*ABOUT THIS EXERCISE*
For this exercise, repeat the whole listing below exactly. Leave the pictures out.

***** RECORDS SUPPLIED

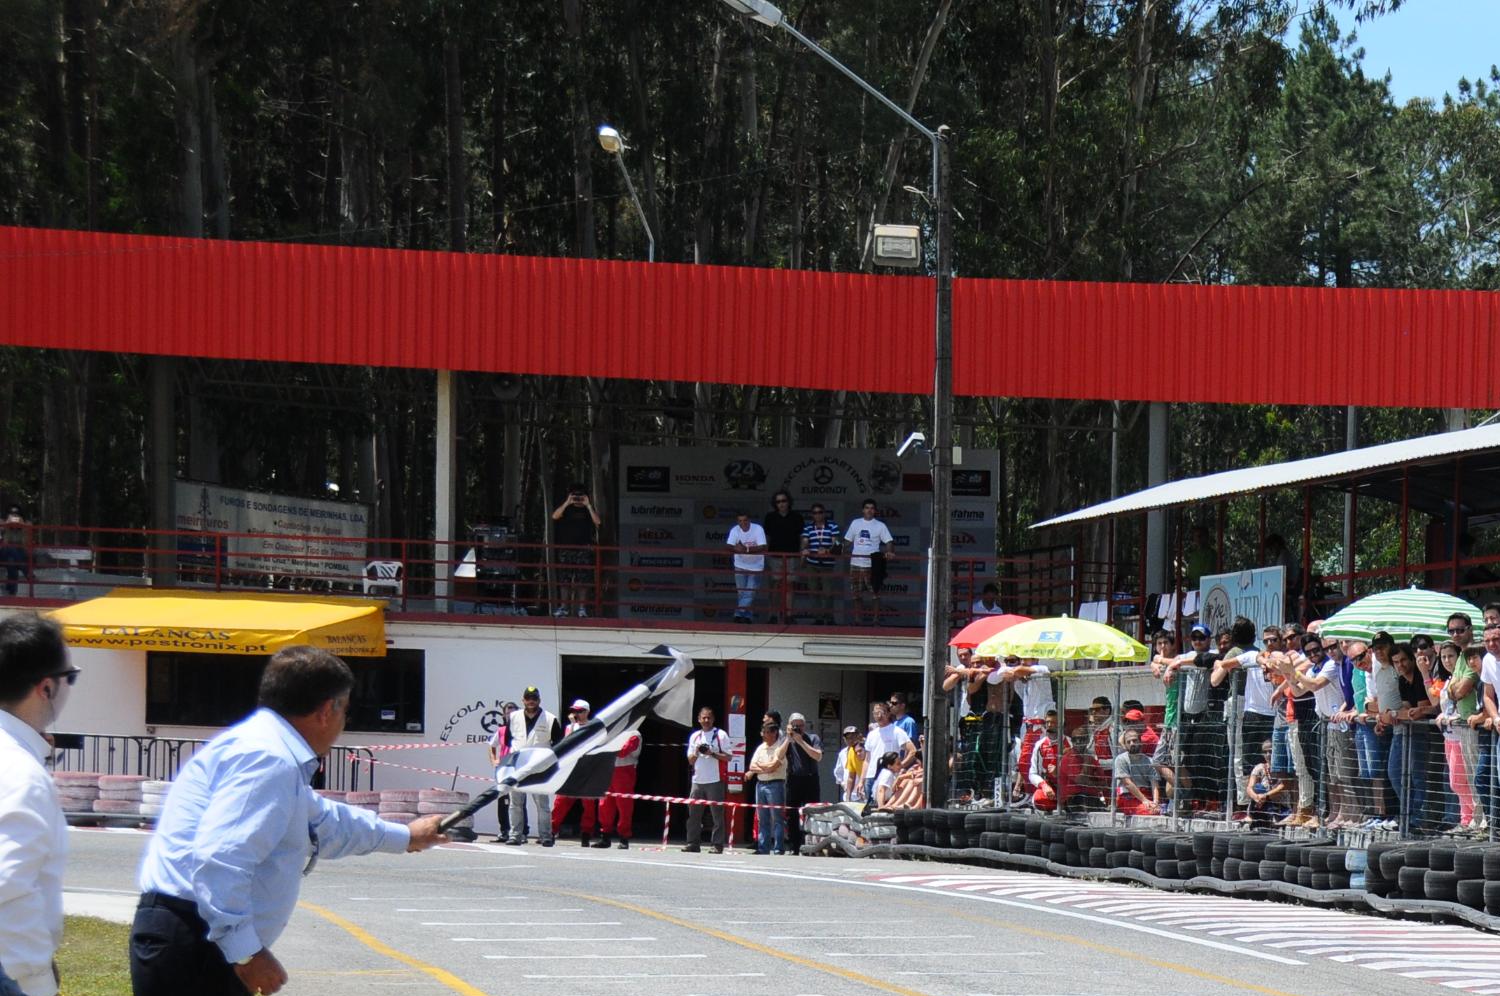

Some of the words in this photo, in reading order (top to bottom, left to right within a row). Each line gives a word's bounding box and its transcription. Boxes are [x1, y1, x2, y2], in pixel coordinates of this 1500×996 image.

[247, 501, 252, 509] E
[253, 502, 298, 515] SONDAGENS
[101, 627, 231, 642] BALANÇAS
[440, 700, 485, 742] ESCOLA
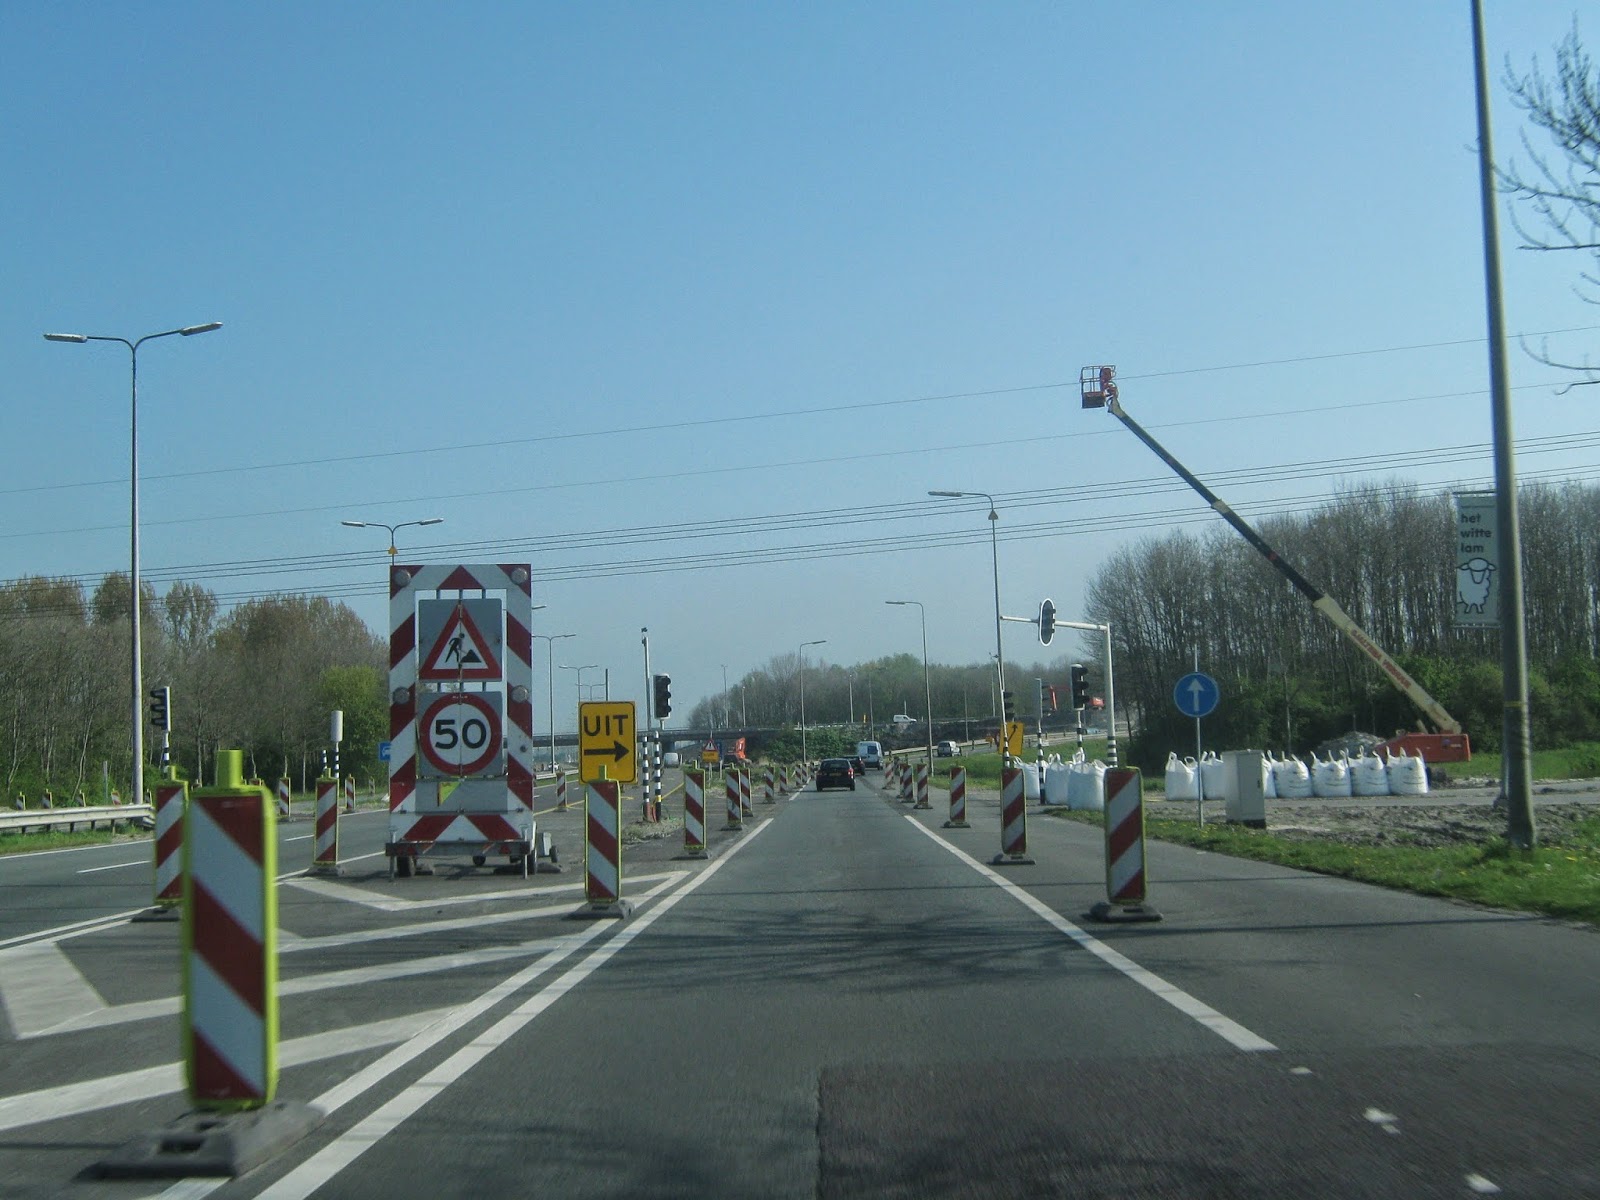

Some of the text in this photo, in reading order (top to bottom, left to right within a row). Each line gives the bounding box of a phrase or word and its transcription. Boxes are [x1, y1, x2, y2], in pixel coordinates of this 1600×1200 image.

[1460, 513, 1482, 523] het
[1460, 528, 1492, 538] witte
[1460, 543, 1484, 553] lam
[583, 714, 629, 737] UIT
[435, 718, 487, 750] 50

**********

*ANSWER SPACE*
Some of the words in this photo, in reading order (top to bottom, left to right within a row). Each line gives a word's bounding box and its transcription. Boxes are [x1, y1, x2, y2], in pixel coordinates of this 1500×996 image.

[247, 501, 252, 509] E
[253, 502, 298, 515] SONDAGENS
[101, 627, 231, 642] BALANÇAS
[440, 700, 485, 742] ESCOLA

Some of the text in this photo, in reading order (top to bottom, left to right within a row). Each line gives the bounding box of a phrase or word and its transcription. Boxes are [x1, y1, x2, y2], in pixel coordinates of this 1600×1200 image.

[1460, 513, 1482, 523] het
[1460, 528, 1492, 538] witte
[1460, 543, 1484, 553] lam
[583, 714, 629, 737] UIT
[435, 718, 487, 750] 50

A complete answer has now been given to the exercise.